Tuesday, November 06, 2007

On The Road


I usually avoid even thinking about what might happen if and when the world comes to an end. But Cormac McCarthy puts it in your face as your read “The Road,” our next book club selection. I could hardly choose to opt out of reading it since it is my husband’s pick.

I found myself being angry with the author for the first third of the book. He hadn’t given us the background information about what left the father and his young son pushing a grocery cart down a road where everything around them was dead or dying. It didn’t explain how they got water to drink. The time frame for the few glimpses of the past didn’t make sense.

When I complained, my husband simply said, “You’re missing the point.”

So I trudged on down the road with them, gradually coming into their world and just accepting whatever lay in the past. I learned to fear the “bad guys” every bit as much as they did. I was even ready to shoot the old revolver they carried at anyone who dared to attack them. The would-be attackers were the marauding bands of thugs, who represented the remainder of humanity and who seemed heavily into cannibalism.

The dialog between the father and son, as they manage to stay just ahead of death, is what is important. They are the “good guys” who are carrying the fire. The boy himself embodies all that was ever good in the world. He is the one who wants to help the few struggling souls they meet. He even offers to share his dwindling food with a dog they encounter.

But he sees things on the road that no human should ever have to see – charred corpses everywhere who succumbed to ravaging fires, the headless body of a baby on a spit over a fire, and souls who are half dead.

Their goal is to make it to the coast, which they do, only to find layers of ash and water that is no longer blue and alive with anything. They manage to survive only by occasionally coming across an abandoned house or fallout shelter that still contains canned goods and clothes. The question looms as to what will happen when those such places are exhausted.

But this is a book that doesn’t talk about the future. The present is questionable enough and the past exists only in their dreams.

From the outset, it is obvious that the father is sick and with every day his condition worsens. He still manages to do some pretty ingenious things in the interim that allow him and the boy to survive. It is no surprise when he fails to wake up one morning after they have reached the coast.

McCarthy leaves the boy in the hands of what appears to be a family. There is no indication of how they are existing in a world so destroyed, but it is clear that they don’t eat their children, so we breathe a sigh of relief as the boy leaves his dead father covered with a blanket and goes off with the man.

Consistent with the denuded landscape and the burned nameless cities and the road that is never identified, the people in this book have no names.
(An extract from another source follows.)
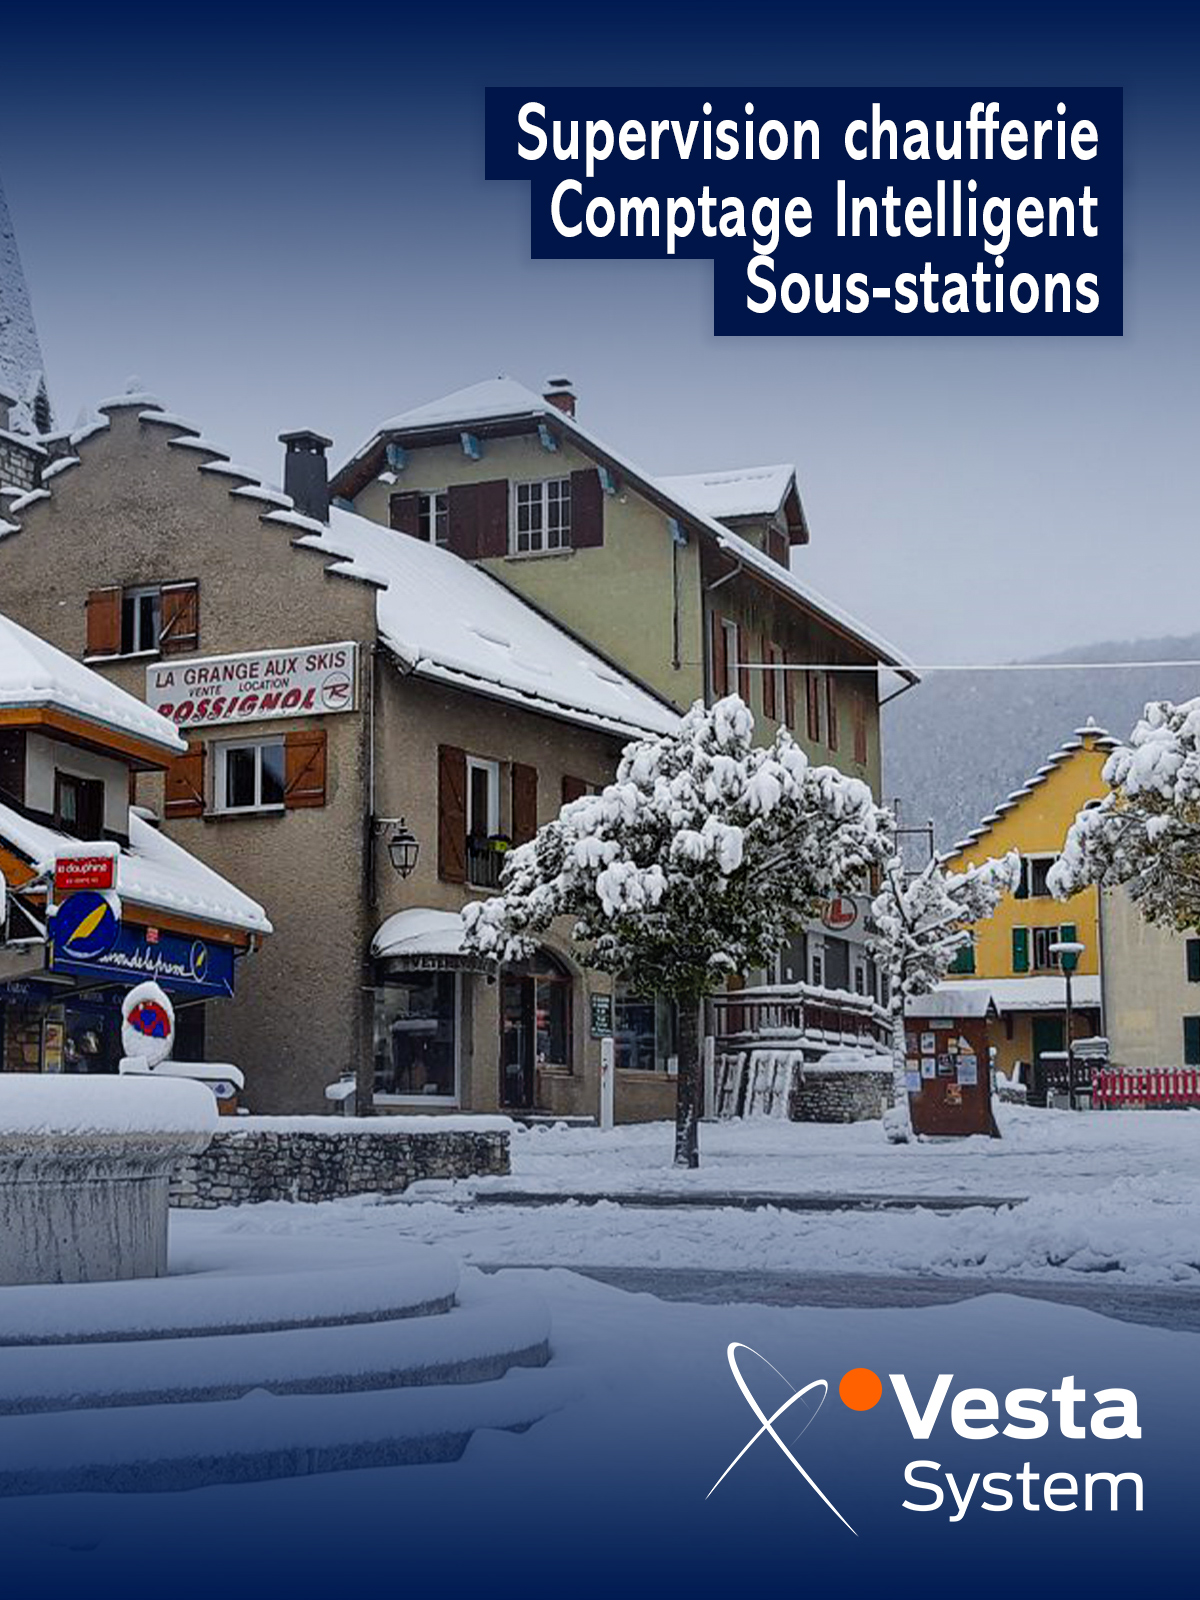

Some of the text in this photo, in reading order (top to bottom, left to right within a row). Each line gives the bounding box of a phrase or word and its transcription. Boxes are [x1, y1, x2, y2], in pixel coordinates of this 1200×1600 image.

The protagonists are simply called the man and the boy. The few others are equally anonymous.

At the end of the book, I shuddered and looked around me to make sure my world was still quite alive. I couldn’t even begin to think about what I might do if the world ever reached such a state.

I must have reread the last paragraph of the book 10 times and I still couldn’t make sense of it. If you read the book and have some insight into its meaning, please leave me a comment.

All in all, a good if sobering read that makes life truly beautiful and precious.

7 Comments:

Blogger Mother of Invention said...

Yes, books like that make us shake our heads with gratitude for the "now" we should be savouring now without complaint!

1:00 PM  
Blogger Kristin said...

I haven't read any Cormac McCarthy. Do you recommend it? Does it serve as a warning about current behavior or just a reminder to appreciate what we have?

1:59 PM  
Blogger media concepts said...

I am looking forward to reading this. McCarthy's border trilogy ("All the Pretty Horses," "The Crossing," "Cities of the Plain") was stunning and very influential to me as a writer.

2:38 PM  
Blogger Barbara said...

MOI -- Yes, life is VERY good!

Kristin -- I was so repulsed by his Blood Meridian that I couldn't even finish it, and that is rare for me. He has this way of not letting you escape the reality of a situation that is very powerful. He paints pictures that are indelibly etched on your memory. It's not a book that preaches warning or reminder, but simply a meaningful dialog between a father and his son in the face of a world that is stripped of beauty and promise. You should definitely read it.

Matt -- I find some interesting similarities between this book and some of Margaret Atwood's writings. I will look forward to your reaction to The Road when you read it.

3:39 PM  
Blogger Richard said...

Thanks for the recommendation. Sounds like the kind of stories I like to read. A story about people dissociated from any semblence of reality. Although, it sounds like a pretty typical apocalyptic plot line.

12:40 PM  
Blogger bulletholes said...

At the suggestion of an old friend, I have had "Blood Meridian", a western written by Cormac in 1985, on my desk for about a year. My freind said it would rock my world. I haven't touched it yet but maybe I shall, barb, maybe I shall.

2:19 PM  
Blogger Barbara said...

Richard -- I know this sounds uncanny, but I can picture you as the father in this story. You would probably be such as resourceful as he was.

Steve -- If you get through Blood Meridian, let me know. Maybe I will try it again.